Quem não a conhece não pode mais ver pra crer Quem jamais esquece não pode reconhecer
Disclaimer: Post mu-mu-mu nostálgico, quem não gostar passe adiante.
Quem lembra dela nos tempos em que morava no Brasil, sempre agitada, com uma resposta na ponta da língua para tudo, fogo nos pés para dançar, sentiu uma pontada no coração ao vê-la entrando no salão de braço dado com o pai para casar-se com o tal do Holandês. Eu achei lindo, pois sei que ela está bem feliz, ainda mais porque vai ganhar companhia logo logo. Mas não deixou de ser um rito de passagem, principalmente para quem a conhece há algum tempo. Valeu a cansativa viagem bate-e-volta.

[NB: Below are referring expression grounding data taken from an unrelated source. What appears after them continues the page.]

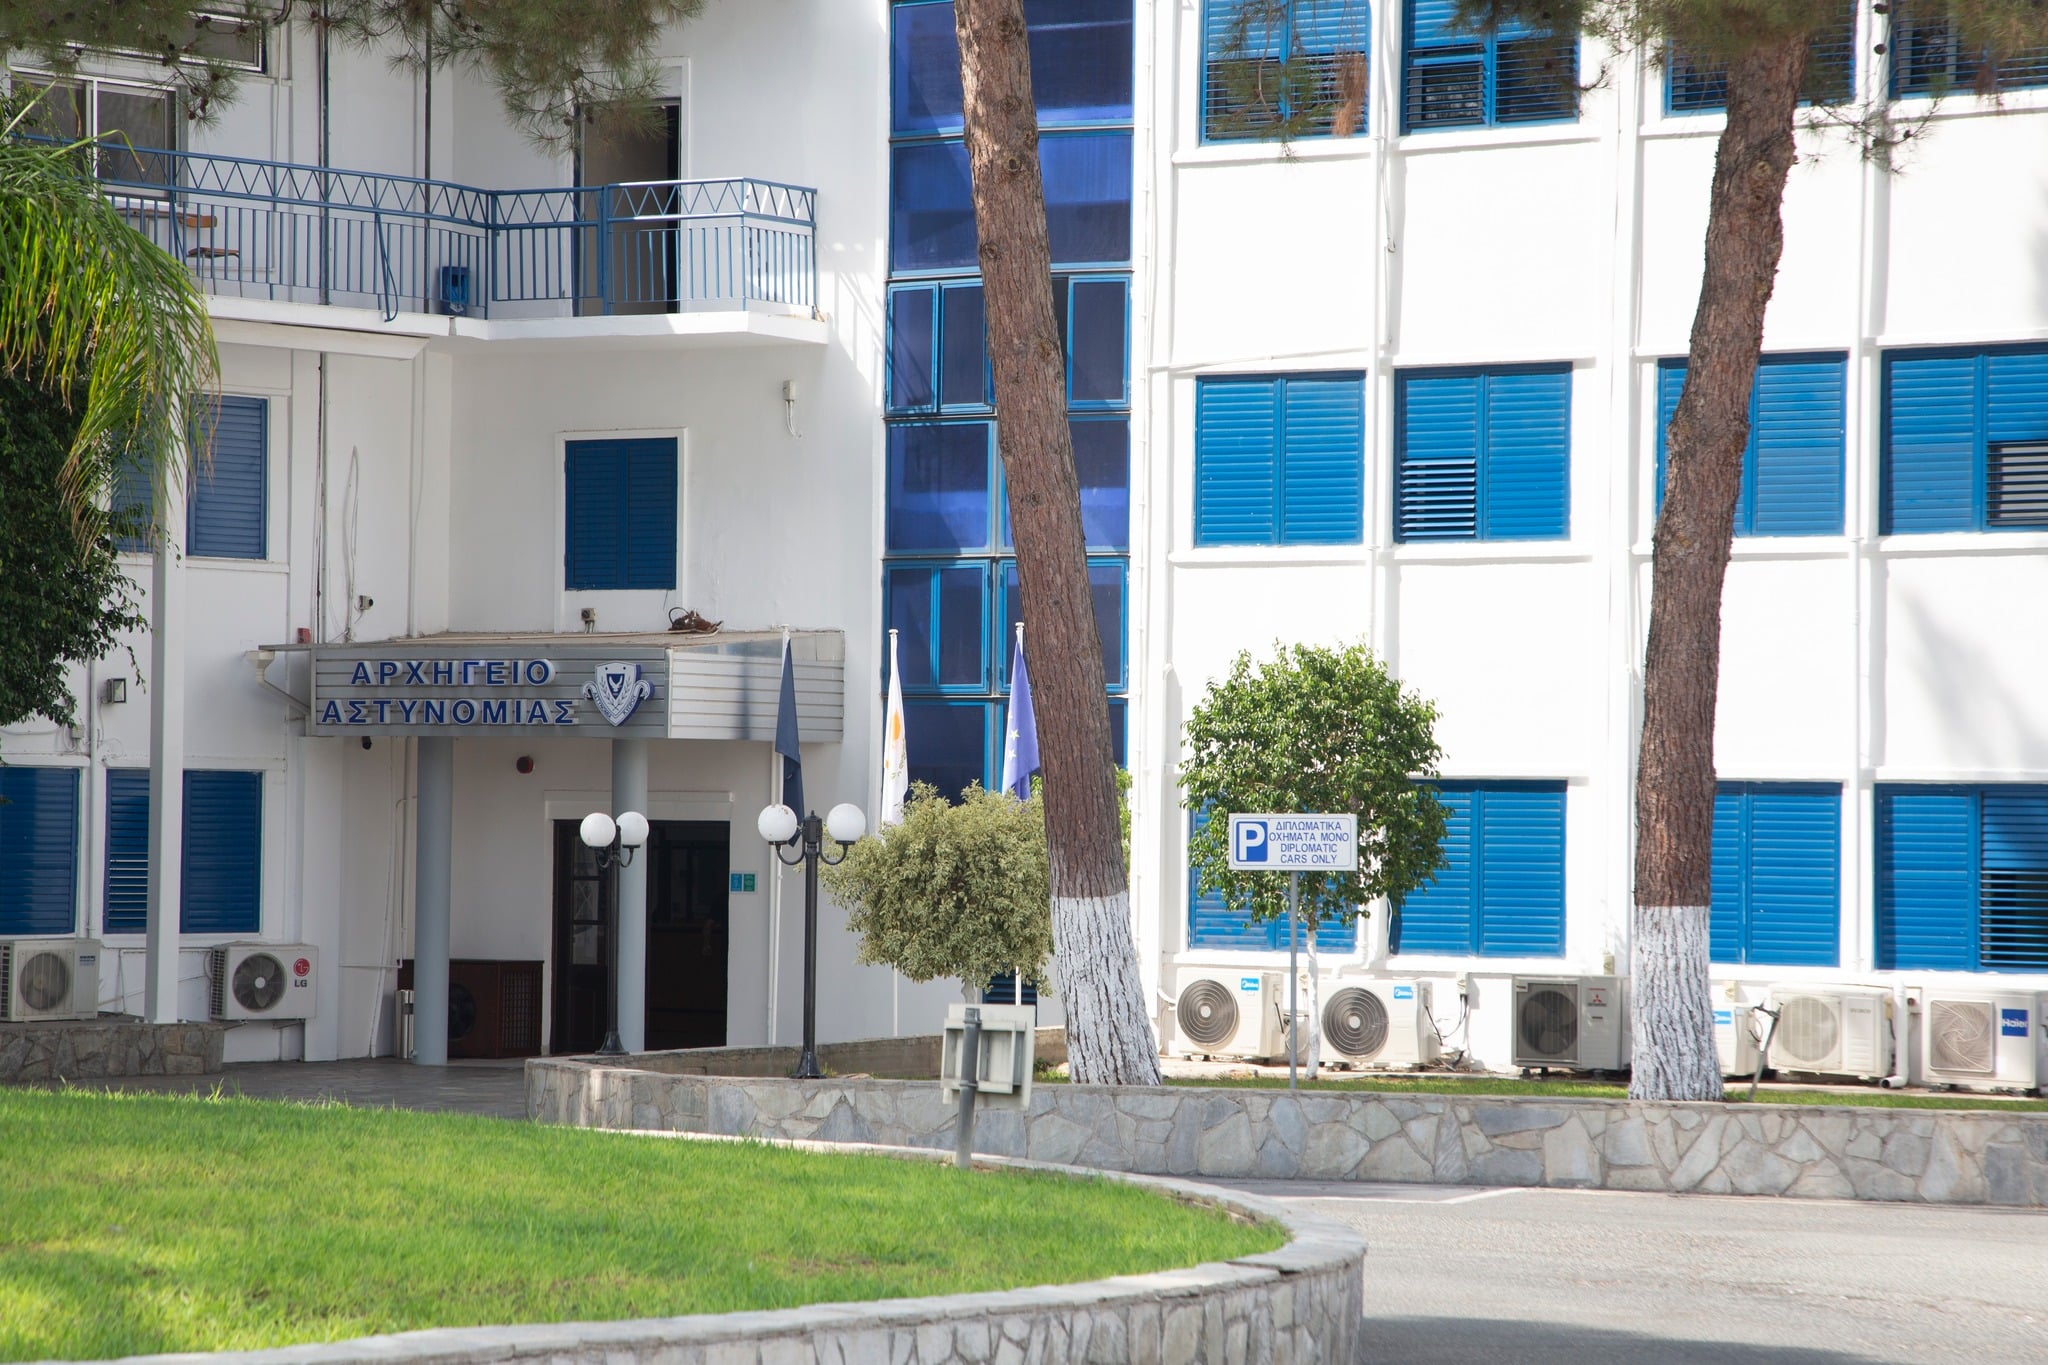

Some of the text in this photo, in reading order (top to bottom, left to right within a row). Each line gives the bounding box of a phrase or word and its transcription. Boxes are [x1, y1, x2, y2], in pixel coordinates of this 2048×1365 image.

[351, 660, 552, 686] ΑΡΧΗΓΕΙΟ
[322, 699, 575, 725] ΑΣΤΥΝΟΜΙΑΣ
[1275, 821, 1342, 831] ΔΙΠΛΩΜΑΤΙΚΑ
[1239, 823, 1266, 861] P
[1269, 832, 1349, 842] ΟΧΗΜΑΤΑ ΜΟΝΟ
[1280, 843, 1338, 853] DIPLOMATIC
[1280, 854, 1337, 864] CARS ONLY
[294, 979, 308, 988] LG
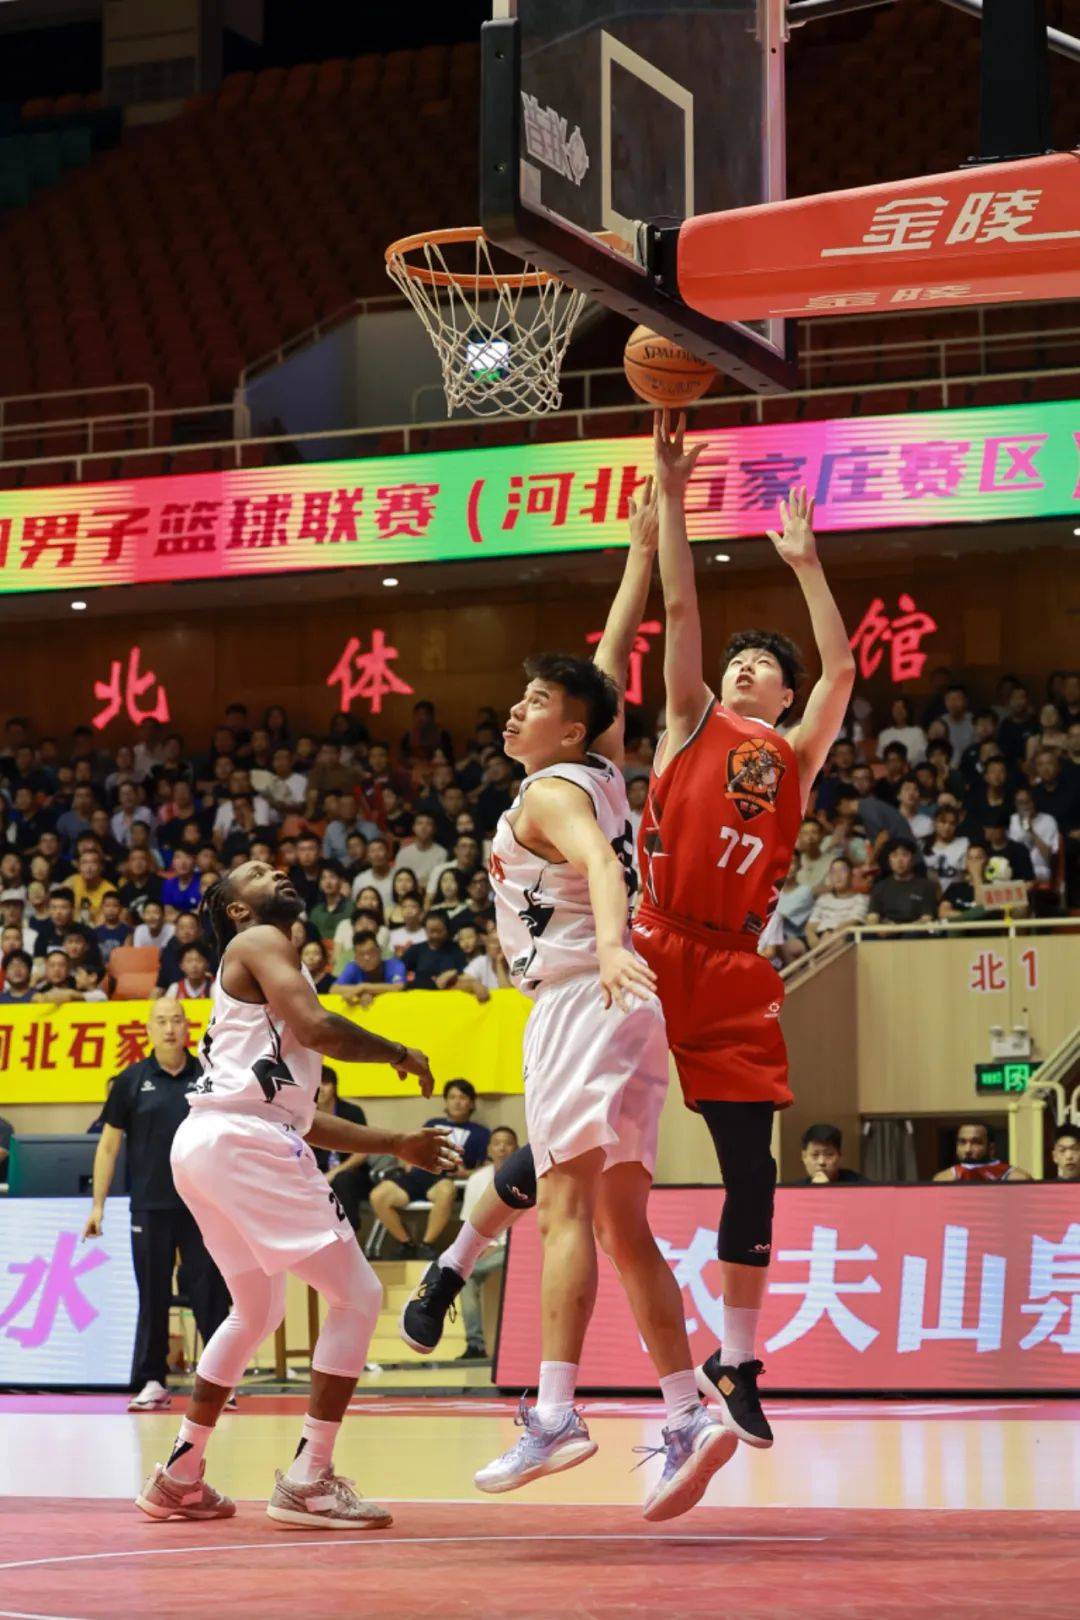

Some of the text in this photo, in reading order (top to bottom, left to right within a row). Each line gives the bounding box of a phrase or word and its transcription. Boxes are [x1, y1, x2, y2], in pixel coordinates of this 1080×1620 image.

[821, 190, 1080, 257] 金陵
[716, 826, 764, 875] 77
[0, 1230, 110, 1349] 水
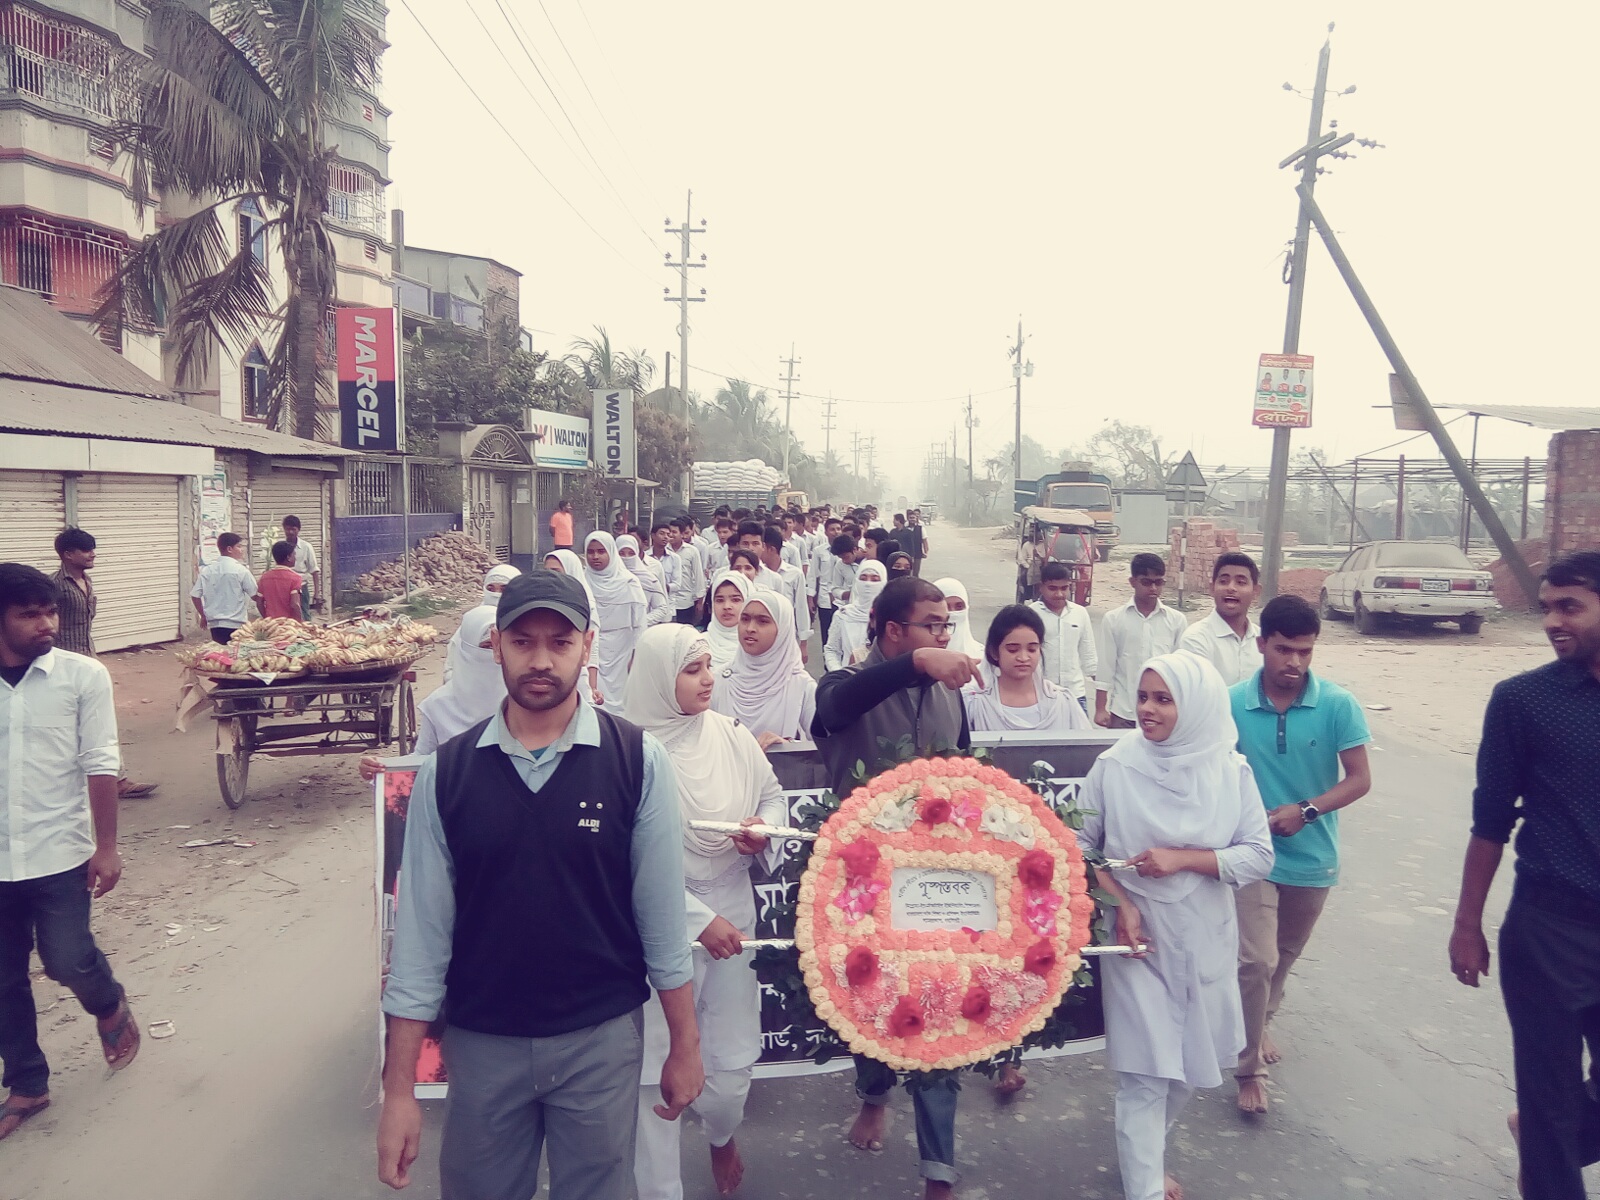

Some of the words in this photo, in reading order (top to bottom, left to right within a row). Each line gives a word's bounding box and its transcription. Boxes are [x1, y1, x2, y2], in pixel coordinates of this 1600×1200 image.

[354, 315, 380, 446] MARCEL
[554, 427, 587, 448] WALTON
[606, 392, 621, 475] WALTON
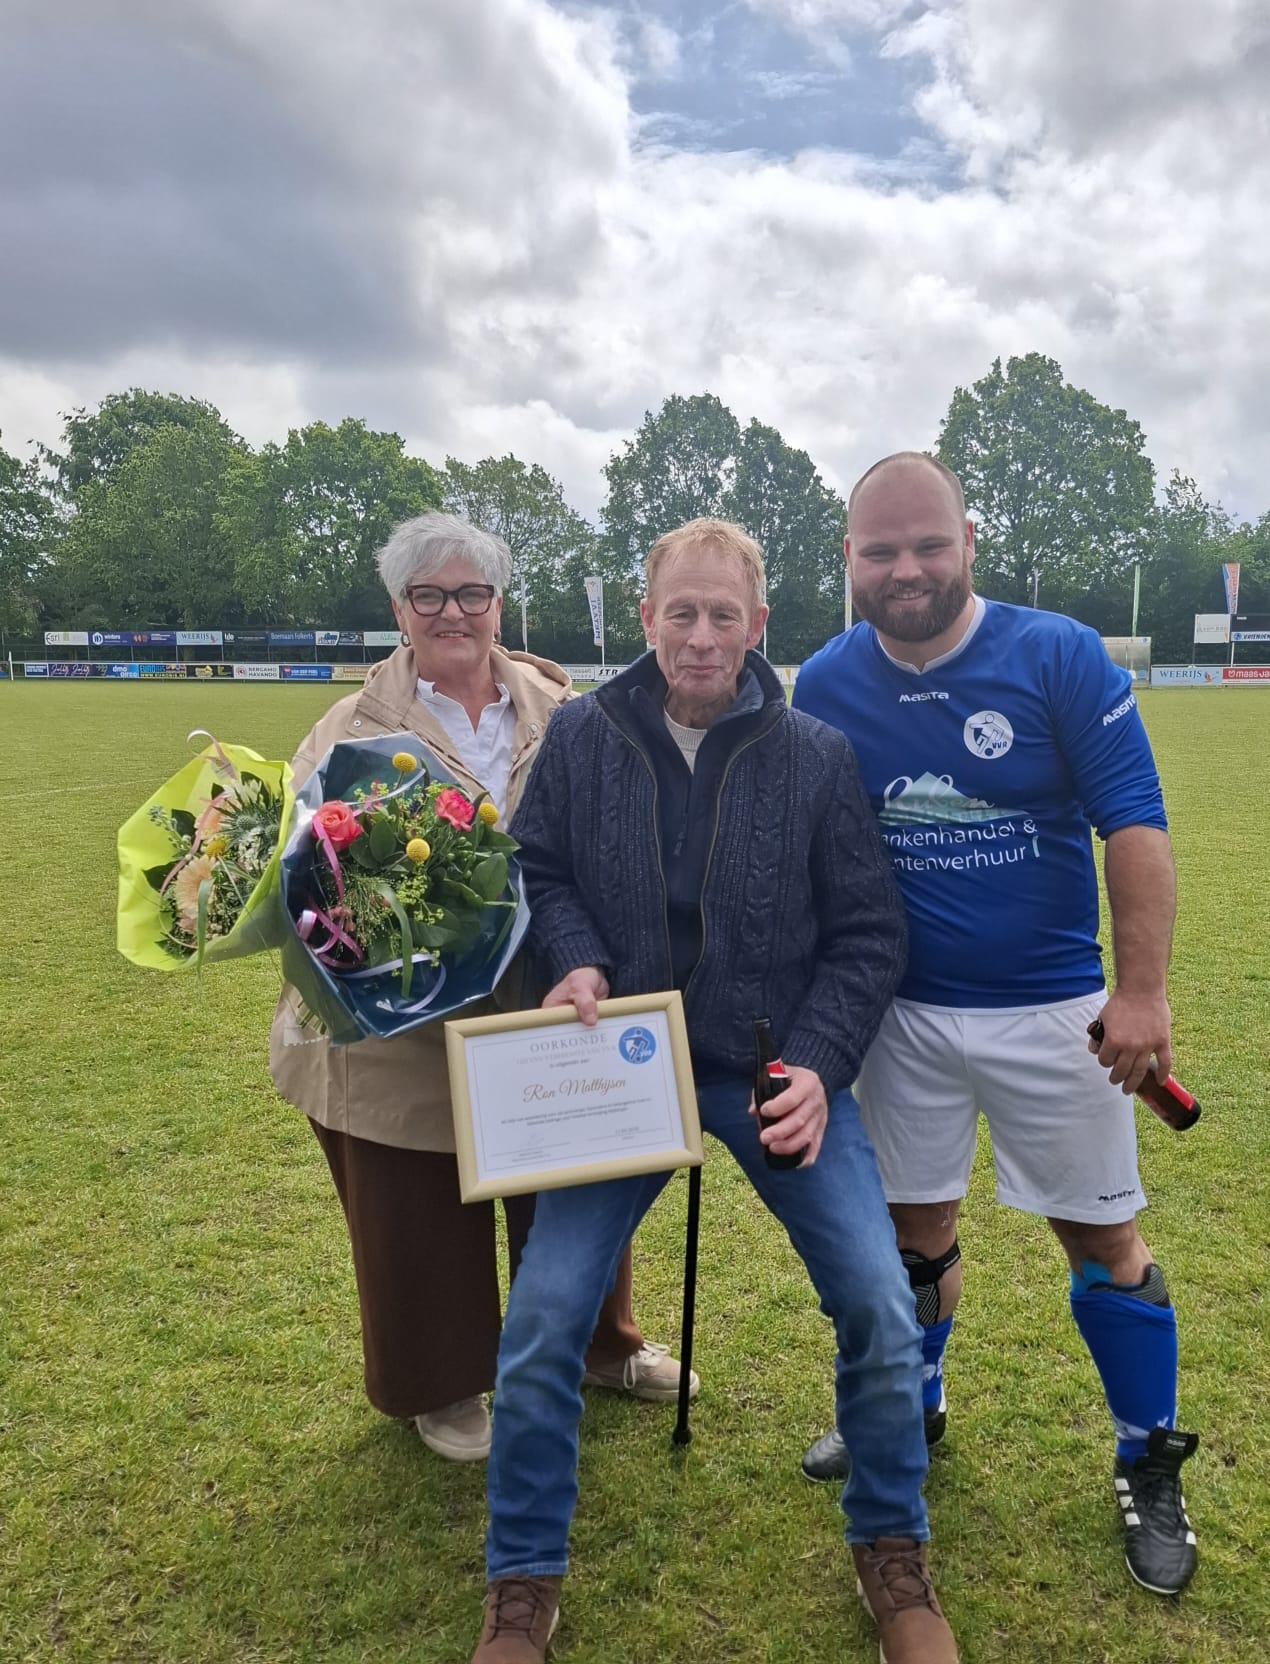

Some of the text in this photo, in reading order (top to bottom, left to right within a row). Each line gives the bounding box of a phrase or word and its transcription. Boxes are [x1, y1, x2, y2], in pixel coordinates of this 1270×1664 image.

[181, 633, 210, 641] WEERIJS
[1159, 670, 1202, 678] WEERIJS
[991, 741, 1008, 749] VVR
[881, 819, 1038, 847] ankenhandel &
[892, 845, 1027, 871] ntenverhuur
[529, 1033, 609, 1053] OORKONDE
[523, 1084, 555, 1103] Ron

Amore, seja muito feliz e venha mais vezes nos visitar.
No mesmo tema, mas em circunstâncias completamente diferentes, são muito poucos os que reconhecem o rapaz magro de calça cargo camuflada e camisa preta, zanzando na noite paulistana. Sempre simpático, mas tentando sempre ser contido, justamente para não lembrar a ninguém que um dia ele já foi a drag-personalidade *referência* do mundinho clubber underground dos anos 90, idolatrada pela Patolina. Foi morar na Alemanha, e resolveu virar homem, ou quase. Não fala do passado, e sempre que alguém lembrava algum fato desconcertante, tenta abafar o caso e remenda com uma voz soturna: "Eu fui assim, agora não sou mais."
É isso aí, o tempo passa, o tempo voa e eu percebo que estou ficando saudosista (a.k.a. VELHO), tentando me apegar em lembranças do que as pessoas já foram.